Les mécanismes de responsabilité pris en charge au niveau national avec le soutien de la communauté internationale peuvent également être un moyen efficace de rendre justice, en particulier en cas de violations flagrantes et systémiques des droits humains. En 2020, avec le soutien du PNUD et de la MINUSCA, les tribunaux de la République centrafricaine ont déclaré cinq dirigeants anti-balaka coupables de plusieurs accusations de crimes contre l'humanité et de crimes de guerre.

Les défenseurs des droits humains jouent également un rôle essentiel. Ils veillent à ce que les personnes au pouvoir soient tenues responsables, notamment en témoignant en cas de violations et en faisant pression sur les gouvernements. Leur rôle clé a pu être constaté en 2020 lors des différentes manifestations en ligne et dans la rue contre le racisme systémique, le changement climatique et la violence sexiste, ainsi que lors d’actions de soutien aux syndicats, souvent au détriment des restrictions imposées par la COVID-19. Bien que leurs objectifs spécifiques varient, ces manifestations peuvent être considérées comme faisant partie d'un mouvement mondial pour la justice et contre l'inégalité, l'oppression et l'impunité.  

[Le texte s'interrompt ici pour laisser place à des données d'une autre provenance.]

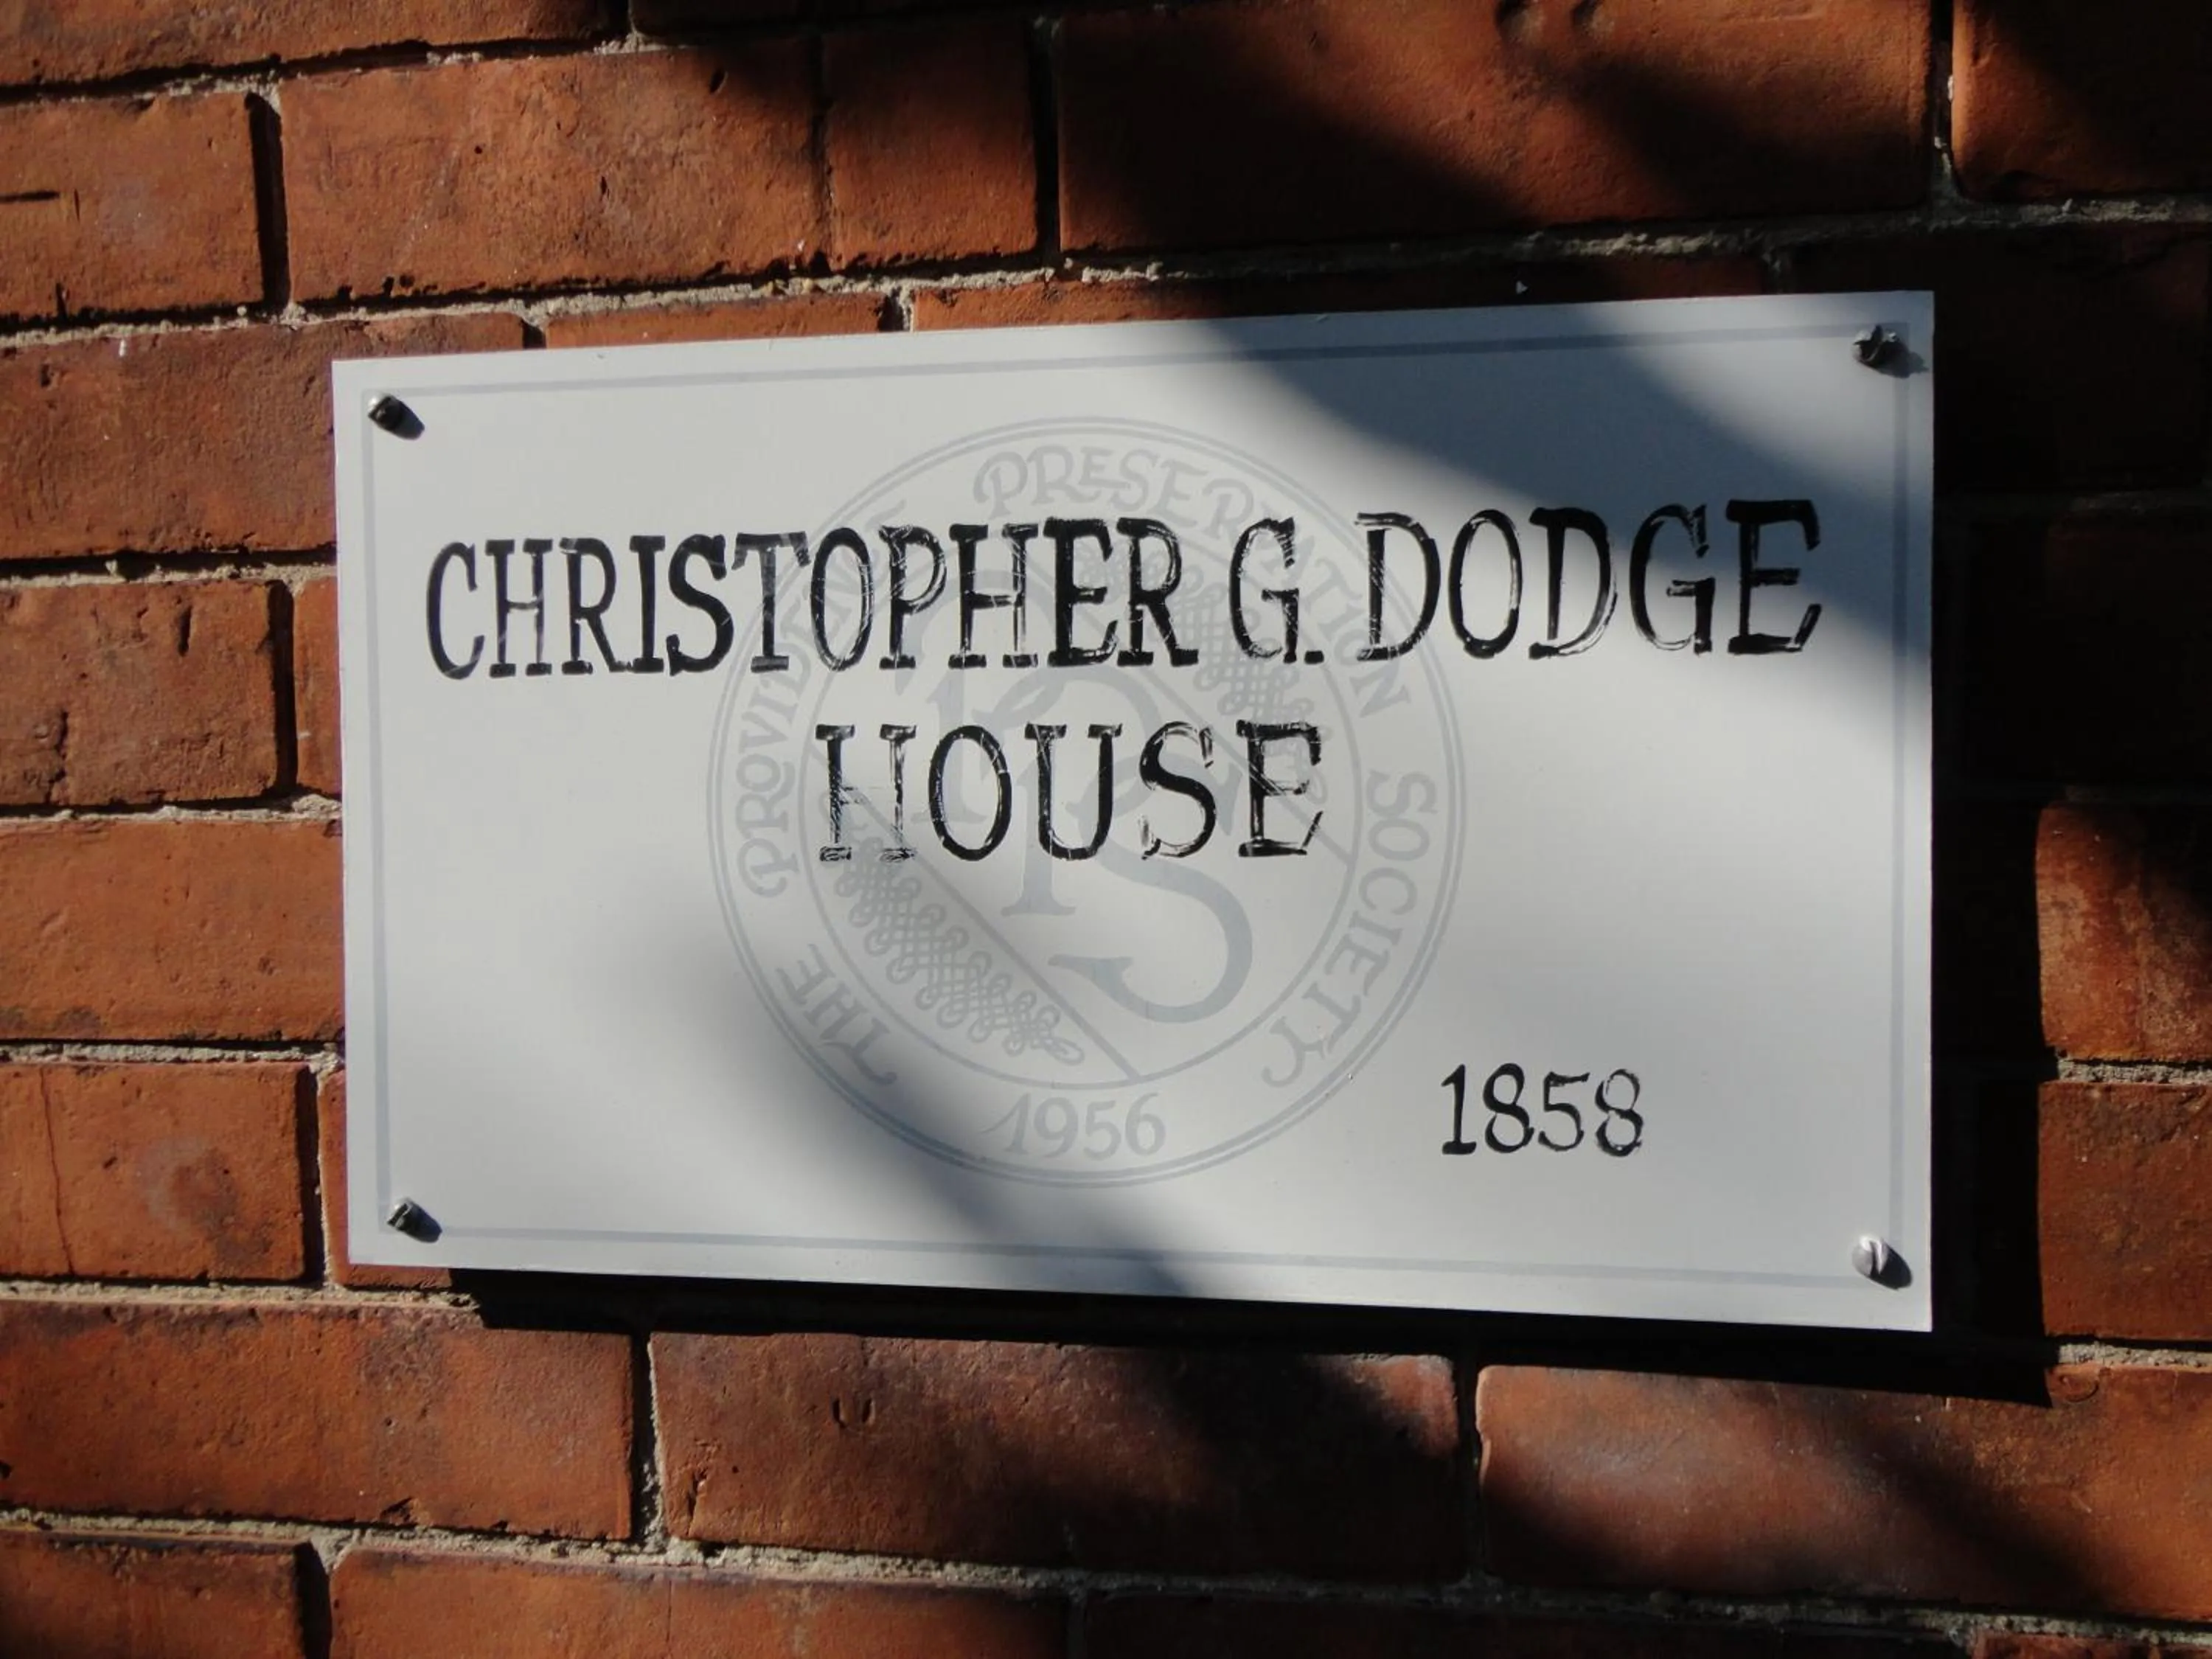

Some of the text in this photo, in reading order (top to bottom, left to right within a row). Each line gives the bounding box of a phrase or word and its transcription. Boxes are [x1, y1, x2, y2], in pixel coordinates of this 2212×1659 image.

Cela se produit alors même que les défenseurs des droits humains sont la cible de menaces fréquentes, sous forme d’intimidations et de représailles. En 2019, l’organisation de défense des droits humains Front Line Defenders a recensé la mort de 304 activistes. En travaillant de concert, les institutions nationales et défenseurs de droits humains ainsi que la société civile peuvent plaider en faveur de protections juridiques, de systèmes de signalement des violations et d'une sensibilisation aux dangers auxquels les défenseurs des droits humains sont confrontés.

Au cours des dix dernières années, le respect des principes démocratiques a continuellement et significativement décliné. L’année 2020 a pris le relais avec la pandémie de COVID-19, dont les effets ont rendu plus visibles et ont exacerbé les défis liés à la responsabilité juridique en matière de violations des droits humains. Afin de répondre à ces défis profondément enracinés, alors que nous nous relevons de la pandémie de COVID-19 et que nous entrons dans une décennie charnière pour atteindre les objectifs de développement à l’horizon 2030, nous devons renforcer les mécanismes de responsabilisation à tous les niveaux, pour faire face aux injustices du présent et protéger les droits des générations futures.